Seção

Papo Direto

Unido e bem representado

José Romão Neto

25/07/2010

À frente da Adevibase, José Romão Neto fala sobre as ações da entidade para aproximar empresas e fortalecer o setor vidreiro na Bahia e em Sergipe

 

 

- A região Nordeste tem-se mostrado um celeiro de oportunidades e investimentos e vem crescendo acima da média nacional. Em que medida o setor do vidro acompanha essa evolução?


Acredito que há um exagero na forma como o fato está sendo apresentado. O consumo per capita do vidro no Nordeste vem crescendo acima da média
nacional, mas ainda é muito baixo se comparado com o do Sul e Sudeste

 

 

 

 

- O Nordeste tem recebido importantes investimentos em novas fábricas e centros de distribuição, como é o caso do novo CD da Guardian,  no Ceará, do forno C6 da Cebrace, na Bahia, e da nova fábrica da CBVP, em Pernambuco. O que isso representa para a região e quais os principais impactos sobre
processadores e a cadeia vidreira de um modo geral?
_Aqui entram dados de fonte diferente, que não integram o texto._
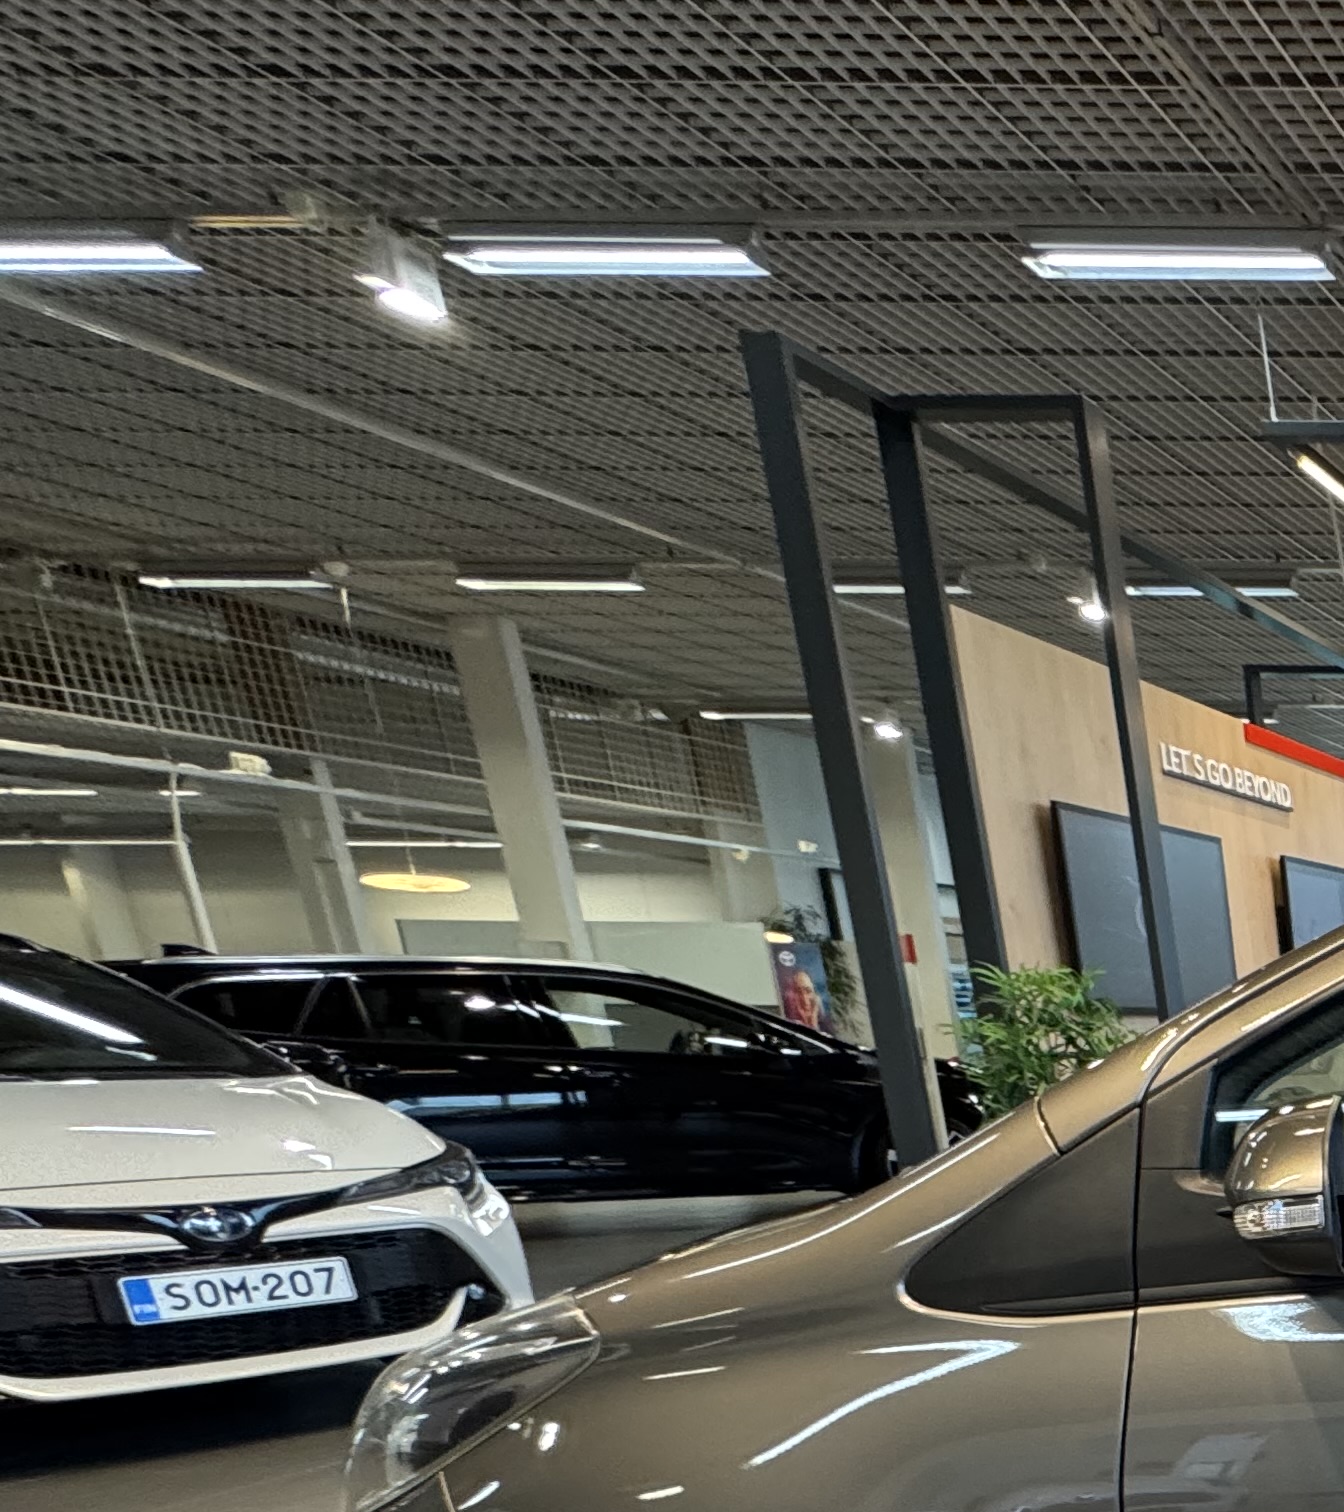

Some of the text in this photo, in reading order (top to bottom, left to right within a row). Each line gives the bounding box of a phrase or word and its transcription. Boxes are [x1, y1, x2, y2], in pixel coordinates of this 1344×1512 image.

A chegada de novos fabricantes de float é muito importante para toda a cadeia vidreira. Ficamos muitos anos sem uma concorrência mais acirrada, e essa nova situação trará benefícios para todos. A implantação dos centros de distribuição em Fortaleza, Salvador e Recife já está beneficiando todos os  processadores com a disponibilidade de produtos com mais rapidez e facilidade.

 

 

 

 

- O mercado baiano está entre as principais apostas anunciadas pela CBVP, em cerimônia que marcou o início das obras da nova planta. Quais as transformações previstas para a região após a inauguração da nova fábrica da companhia? 

 

Acredito que todo o Nordeste é a aposta da CBVP, e isso ficou bastante claro naquela cerimônia. As transformações previstas para nossa região após a implantação desses novos fornos  são excelentes. Acreditamos que teremos vidros com maior facilidade e a preços mais competitivos em relação aos importados.

 

 

 

 

- Quantas são as empresas vidreiras da Bahia e Sergipe? Quais as principais características dessas empresas?
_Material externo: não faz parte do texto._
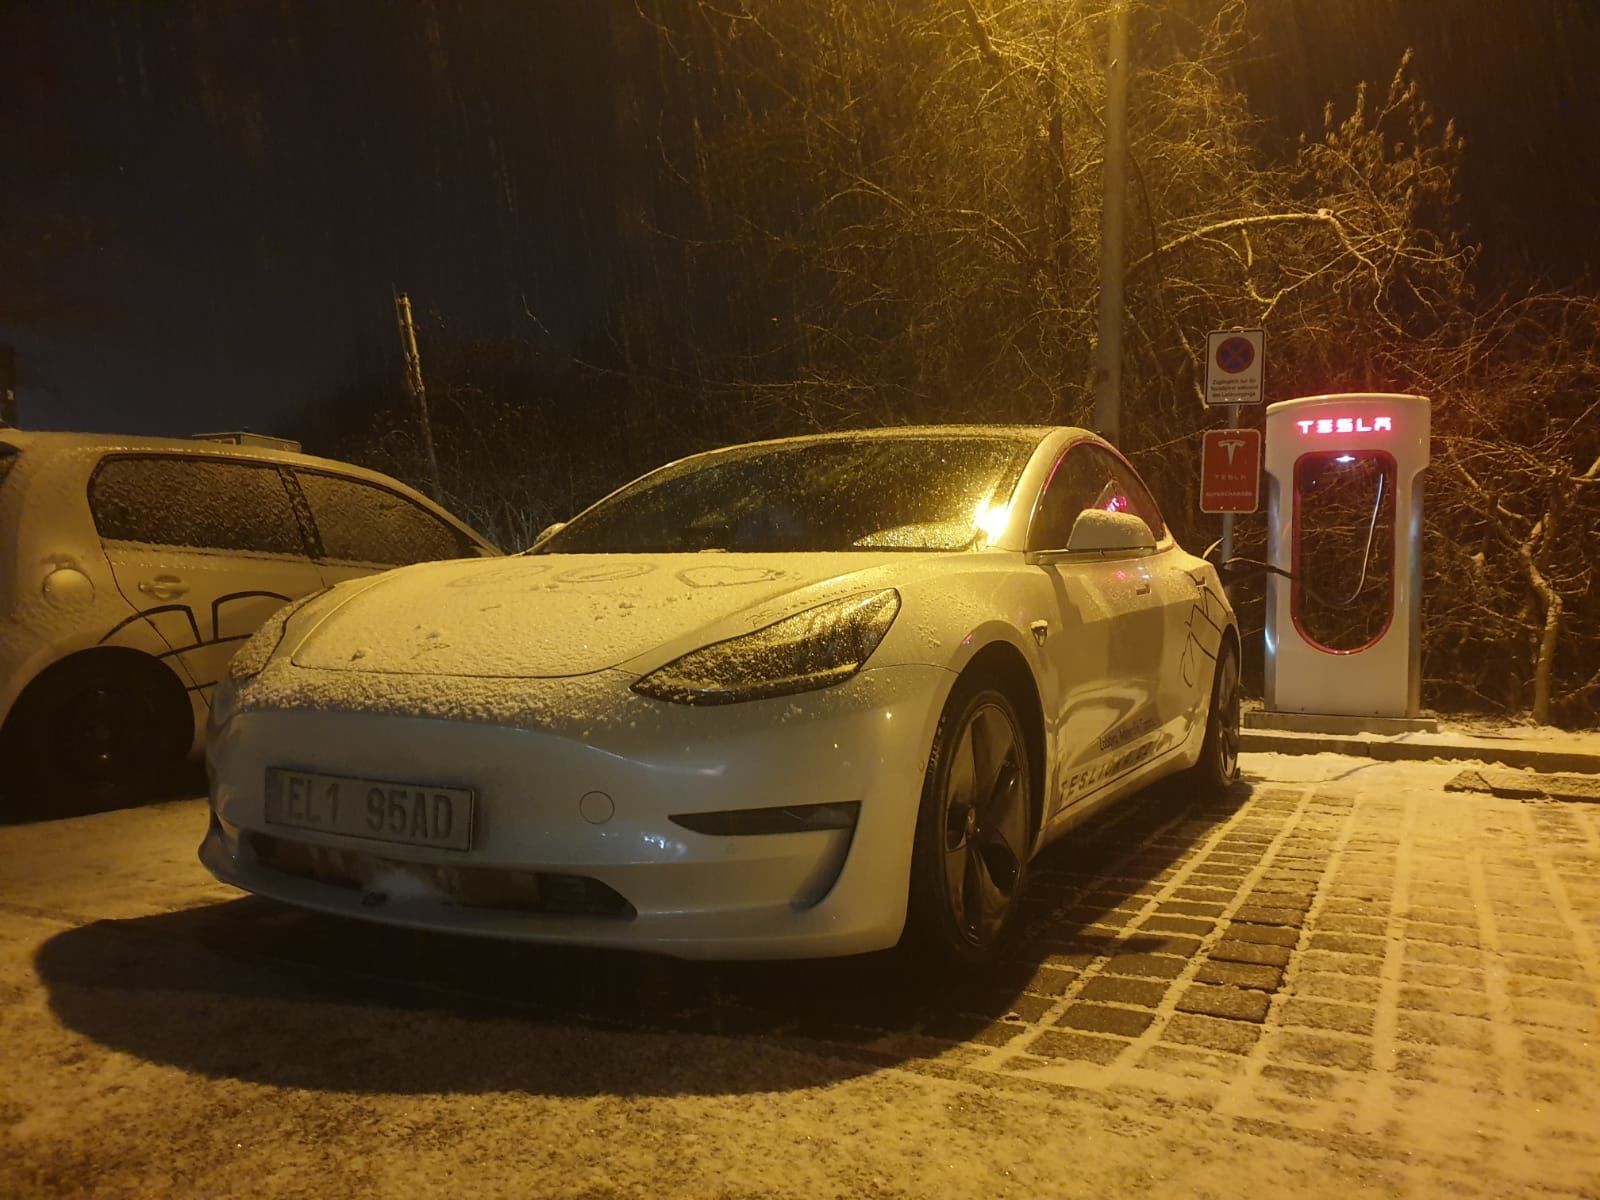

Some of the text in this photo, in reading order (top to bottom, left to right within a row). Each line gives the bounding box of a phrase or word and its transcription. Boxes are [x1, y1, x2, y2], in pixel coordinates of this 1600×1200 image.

[1297, 417, 1391, 434] TESLA
[1215, 473, 1247, 481] TESLA
[365, 787, 453, 841] 95AD
É difícil mapear e mensurar as empresas vidreiras no Brasil, e isso não é diferente aqui na Bahia e Sergipe. Recentemente uma entidade tentou levantar apenas a quantidade de temperadores e já foi difícil.

 

 

 

 

 

- O que o levou ao comando da Adevibase?

 

Era um sonho antigo ver nosso ramo pelo menos sabendo quem éramos. Antes da Adevibase, era assim o pensamento da maioria: é concorrente,
é um inimigo mortal. Na maioria dos casos, o cidadão nem conhecia o concorrente, mas já o considerava como inimigo. O associativismo só traz benefícios para todos, estamos numa nova era do vidro na Bahia e em Sergipe. Foi um longo caminho até fundar a Adevibase. Não foi fácil e não está sendo.

 

 

 

 

- Qual tem sido o aspecto mais importante de seu trabalho à frente da Adevibase? Quais são as metas para o futuro próximo?


Estamos completando um ano depois de cumpridas todas as etapas burocráticas após a fundação. Nesse curto período, tivemos pela primeira vez na
história um jantar de confraternização de final de ano, já ministramos dois cursos para técnicos de vidro temperado nível-01, fizemos parceria com o
curso PAV e ministramos dois cursos de pele de vidro, outra parceria com a Glasvetro e VCG.

 

Ministramos um treinamento de guarda-corpo, cola UV e molas de piso. Junto com os órgãos públicos competentes, e já agendamos palestras sobre o uso correto do vidro na construção civil, atendendo as normas da ABNT.

 

Estamos com mais dois cursos de vidro temperado agendados e escolhendo datas para outros dois. Estamos também tentando confirmar nosso evento de final de ano para o dia 23 de novembro, com um ciclo de palestras sobre vidros. Já agendamos com faculdades cinco palestras  sobre o uso correto do vidro para estudantes de engenharia, arquitetura e design. Esse é um trabalho desenvolvido há vários anos por nossa empresa e que agora transferimos

para a Adevibase.

 

Paralelamente, estamos montando outras parcerias que em breve esperamos poder anunciar.